El postsocialismo no es sólo lo que vino después del socialismo, sino también en contra del socialismo. Los procesos de anemia social, privatización y reducción de la política a la elección de partidos con listas cerradas ha sido promovida desde universidades y organizaciones internacionales como una ideología global que no tiene alternativa. Como dice Richard Sakwa “ahora todos somos postcomunistas… el comunismo fue un experimento que todavía nos condiciona”. La sombra de ese experimento se presenta con diversas caras y sin avisar. 

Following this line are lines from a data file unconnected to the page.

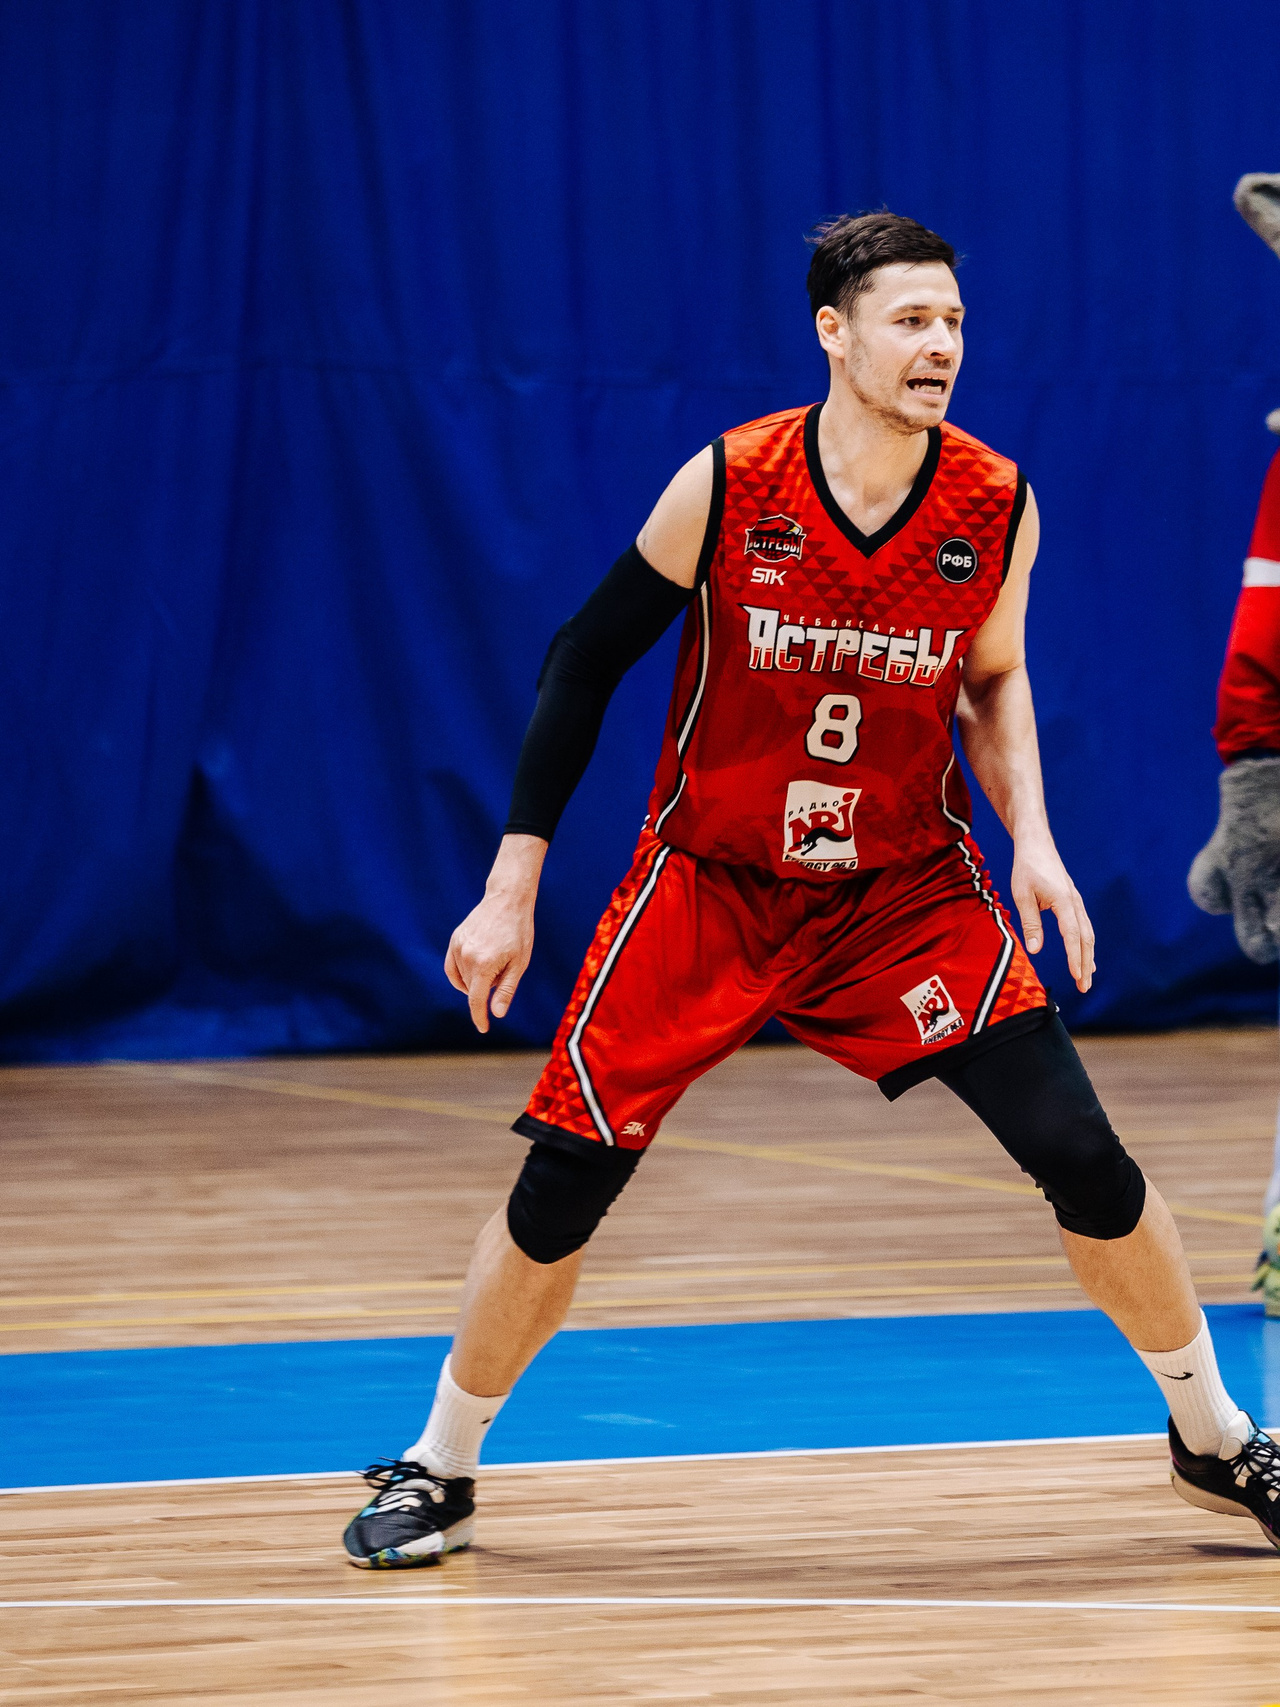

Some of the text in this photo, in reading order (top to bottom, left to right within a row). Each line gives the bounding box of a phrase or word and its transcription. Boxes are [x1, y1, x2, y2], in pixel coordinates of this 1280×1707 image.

[942, 554, 972, 568] РФБ
[750, 567, 787, 586] STK
[783, 614, 914, 638] ЧЕБОКСАРЫ
[742, 603, 964, 687] ЯСТРЕБЫ
[806, 694, 861, 763] 8
[788, 801, 840, 818] РАДИО
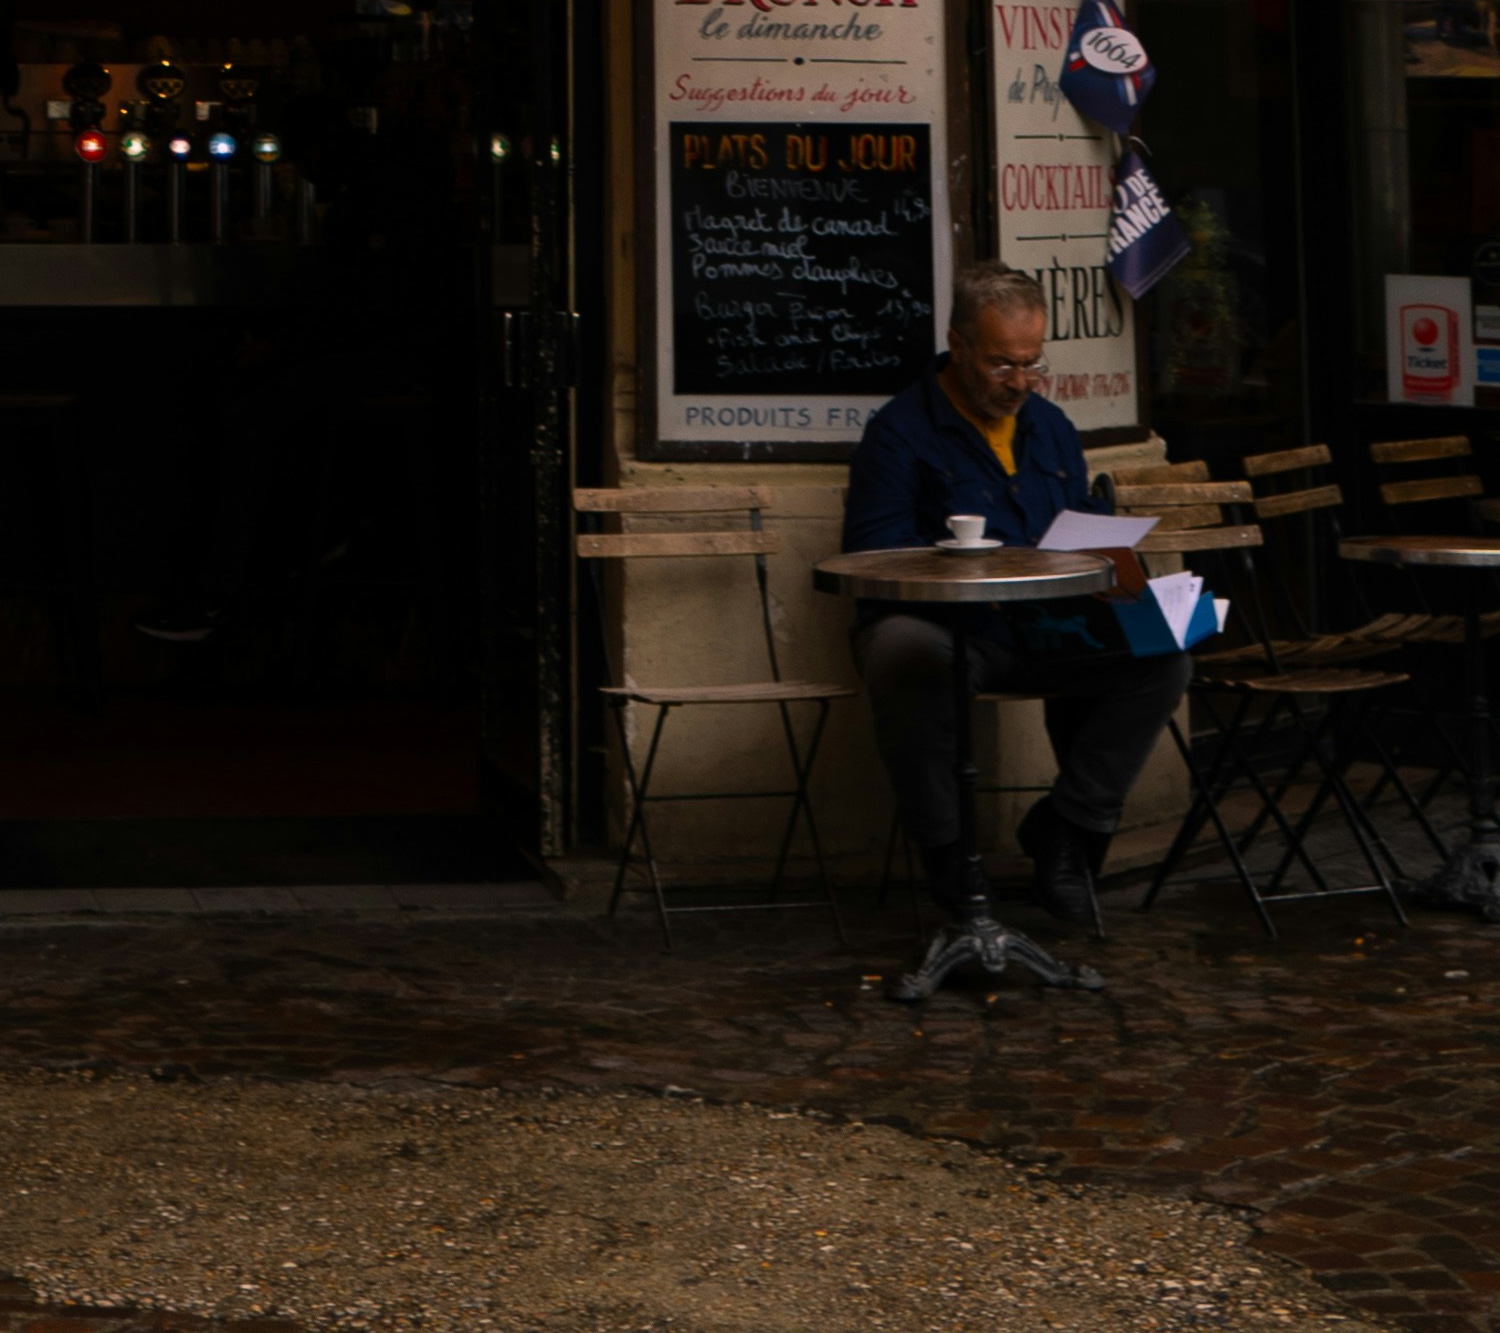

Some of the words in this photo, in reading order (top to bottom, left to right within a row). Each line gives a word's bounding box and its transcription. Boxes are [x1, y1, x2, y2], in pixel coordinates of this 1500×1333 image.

[699, 8, 727, 40] le
[736, 6, 884, 43] dimanche
[1086, 31, 1142, 69] 1664
[669, 73, 805, 113] Suggestions
[811, 81, 837, 103] du
[845, 80, 916, 112] jour
[682, 132, 769, 171] PLATS
[786, 133, 829, 173] DU
[838, 132, 918, 173] JOUR
[1126, 168, 1155, 199] DE
[777, 206, 809, 234] de
[1107, 189, 1170, 263] RANCE
[685, 406, 812, 428] PRODUITS

En el sentido estricto del término, el postsocialismo afecta a 25 países, al 30% de la masa terrestre y al 50% de la población del planeta. Pero el postsocialismo también está relacionado con las promesas incumplidas y con los futuros perdidos. Con esos prados donde no aparecieron flores sino ruinas y yuppies. Donde los debates políticos se han reducido a mirar la prima de riesgo en el día, lamentar las cuotas de poder dentro de la maquinaria europea o admirar el sex-appeal del presidente. Donde los antiguos activistas dicen que ya está todo conseguido y miran a las nuevas fragmentaciones como si no fuera con ellos o con recetas viejas.

A los ganadores de este proceso les incomoda el término postsocialista, como un recuerdo feo de los tiempos en que vivían en bloques de hormigón con cortinas amarillas y comían salchicha bielorrusa. Es la llamada ‘generación P’, que ahora tiene en torno a 40 años y se adaptó a las reglas de juego impuestas.

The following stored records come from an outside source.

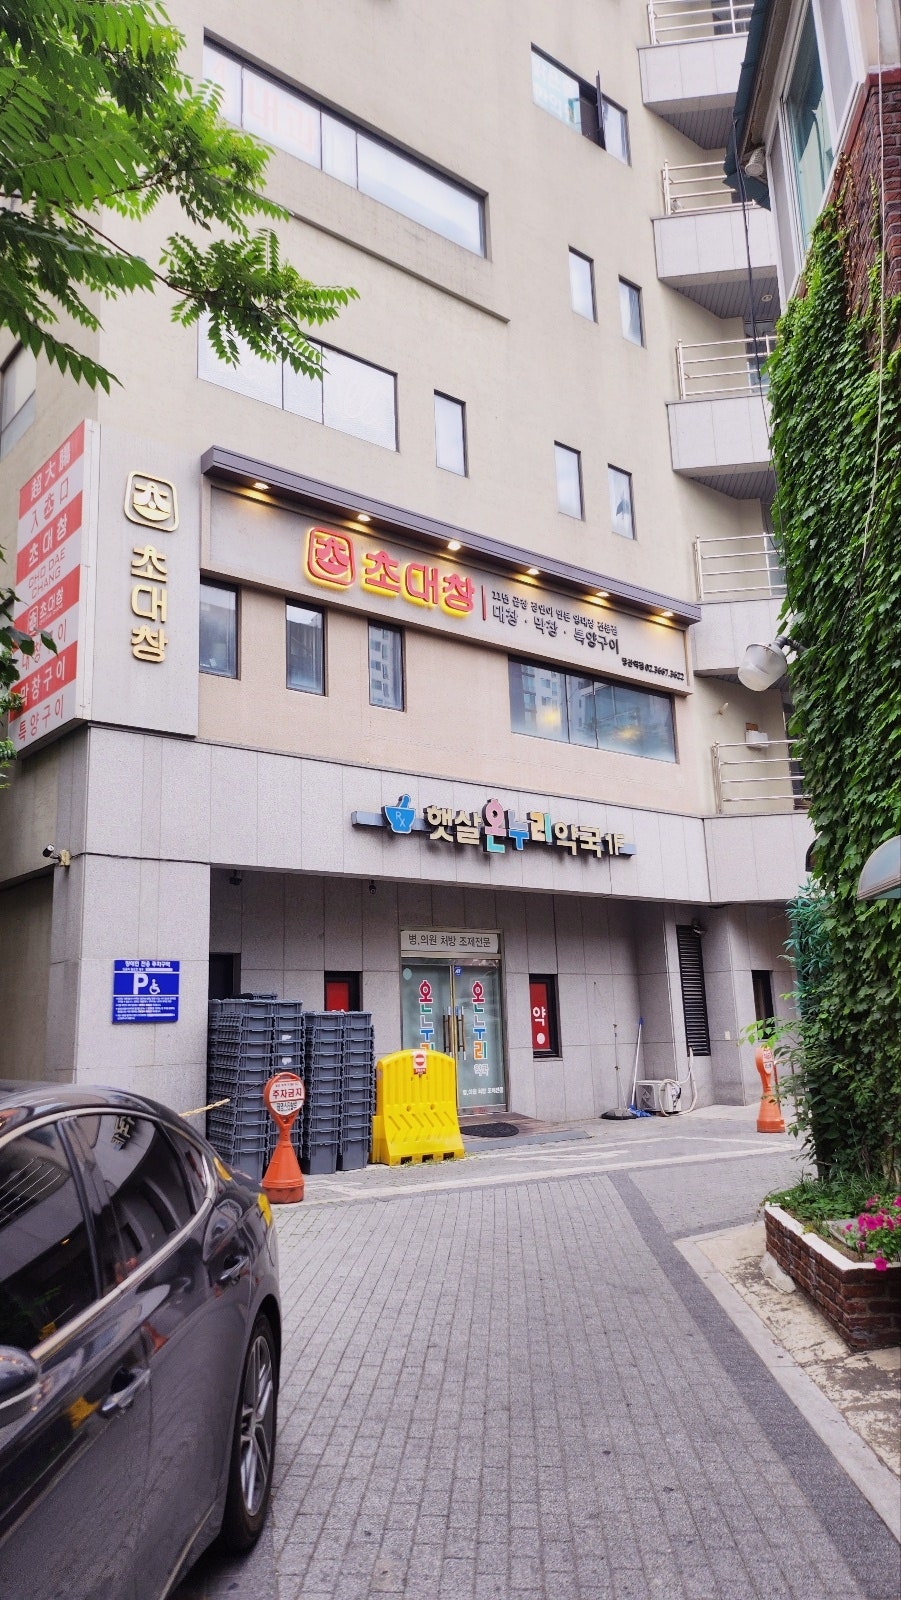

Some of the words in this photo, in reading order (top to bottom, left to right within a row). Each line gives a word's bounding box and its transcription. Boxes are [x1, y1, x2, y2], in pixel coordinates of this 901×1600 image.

[29, 513, 67, 568] 초대창
[32, 565, 61, 599] CHANG
[131, 544, 168, 663] 초대창
[363, 550, 476, 614] 초대창
[492, 604, 519, 627] 대창
[533, 615, 559, 638] 막창
[573, 627, 619, 655] 특양구이
[20, 656, 65, 706] 막창구이
[19, 694, 64, 741] 특양구이
[441, 935, 456, 947] 처방
[459, 936, 491, 948] 조제전문
[133, 973, 149, 995] P
[419, 980, 435, 1050] 온누
[472, 981, 488, 1060] 온누리
[533, 1006, 547, 1026] 약

Sin embargo, la nueva generación de veinteañeros ha perdido prejuicios, son conscientes de que el día a día puede ser mejor y toleran menos la corrupción y las imposiciones autoritarias. Esta generación está llamada a acabar con el postsocialismo a través de su activismo dentro de comunidades locales, su participación en protestas y la búsqueda de alternativas transversales y no sólo de oposición. El caso más evidente es el de Rusia, aunque también puede extenderse a muchos países europeos.

El final del postsocialismo está relacionado con un mayor activismo político y el cambio generacional propiciará cambios de poder. Dos tercios de los ciudadanos que participaron en las protestas tiene menos de 40 años.

Esta generación vino para quedarse, para intentarlo y equivocarse.